> [Provided data]:
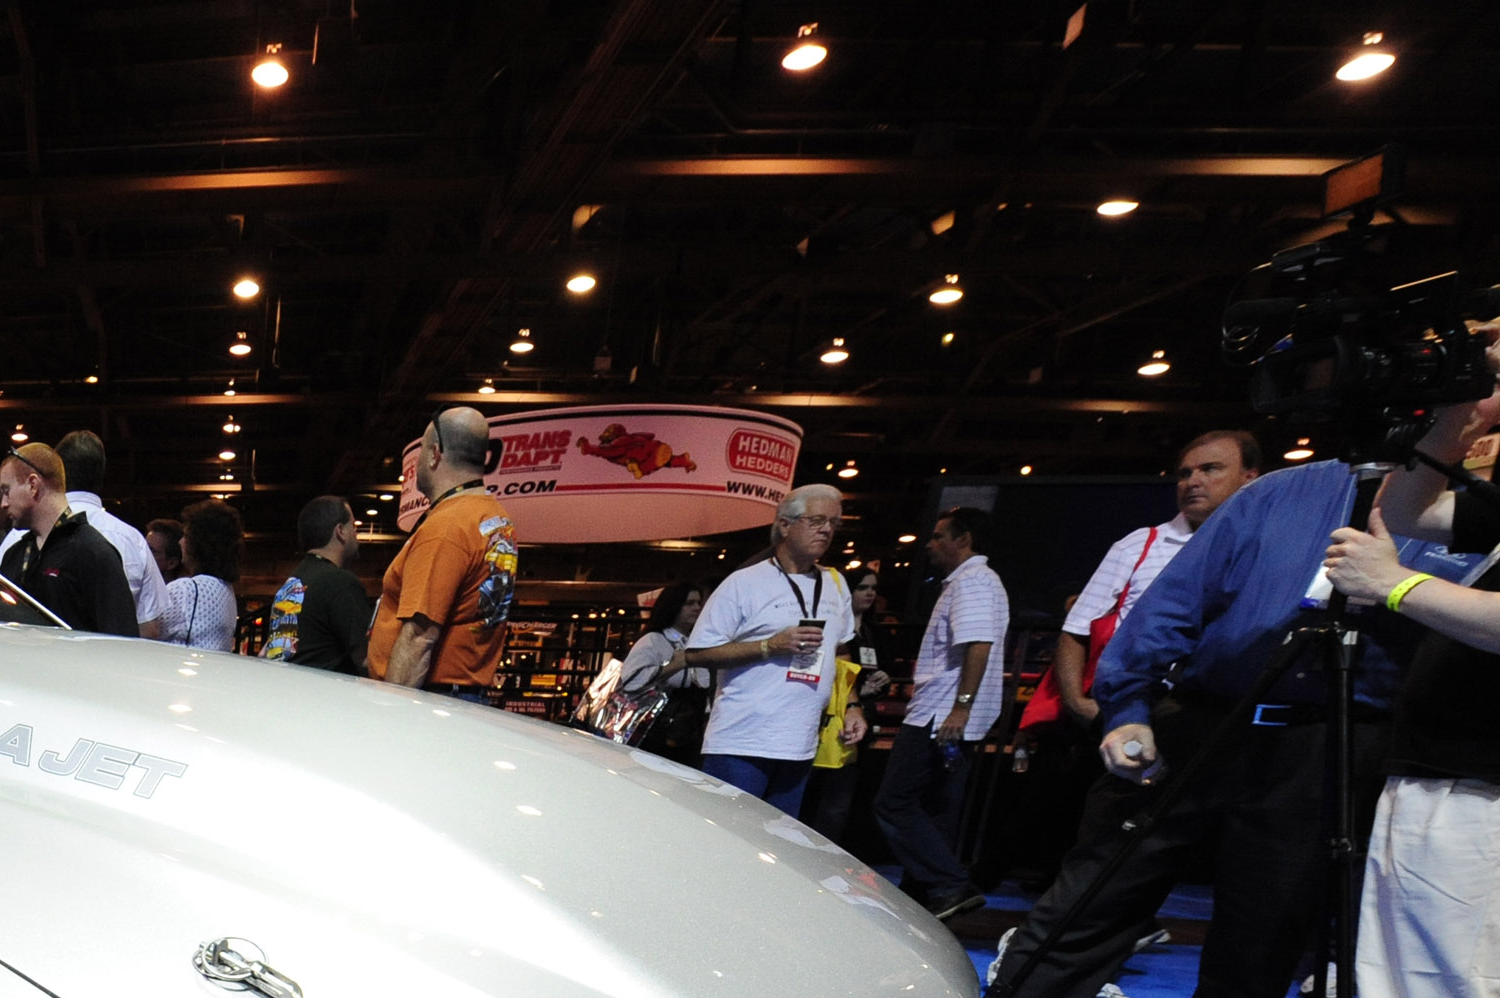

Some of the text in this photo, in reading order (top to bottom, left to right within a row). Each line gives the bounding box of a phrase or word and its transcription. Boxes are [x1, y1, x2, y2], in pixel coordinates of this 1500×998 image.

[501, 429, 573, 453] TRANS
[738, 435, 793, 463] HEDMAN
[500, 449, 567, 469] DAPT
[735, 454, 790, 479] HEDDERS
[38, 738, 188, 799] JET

> [Task requirements]: All of the material above should be copied exactly, minus the pictures.

> [Solution for this task]:
Some of the text in this photo, in reading order (top to bottom, left to right within a row). Each line gives the bounding box of a phrase or word and its transcription. Boxes are [x1, y1, x2, y2], in pixel coordinates of this 1500×998 image.

[501, 429, 573, 453] TRANS
[738, 435, 793, 463] HEDMAN
[500, 449, 567, 469] DAPT
[735, 454, 790, 479] HEDDERS
[38, 738, 188, 799] JET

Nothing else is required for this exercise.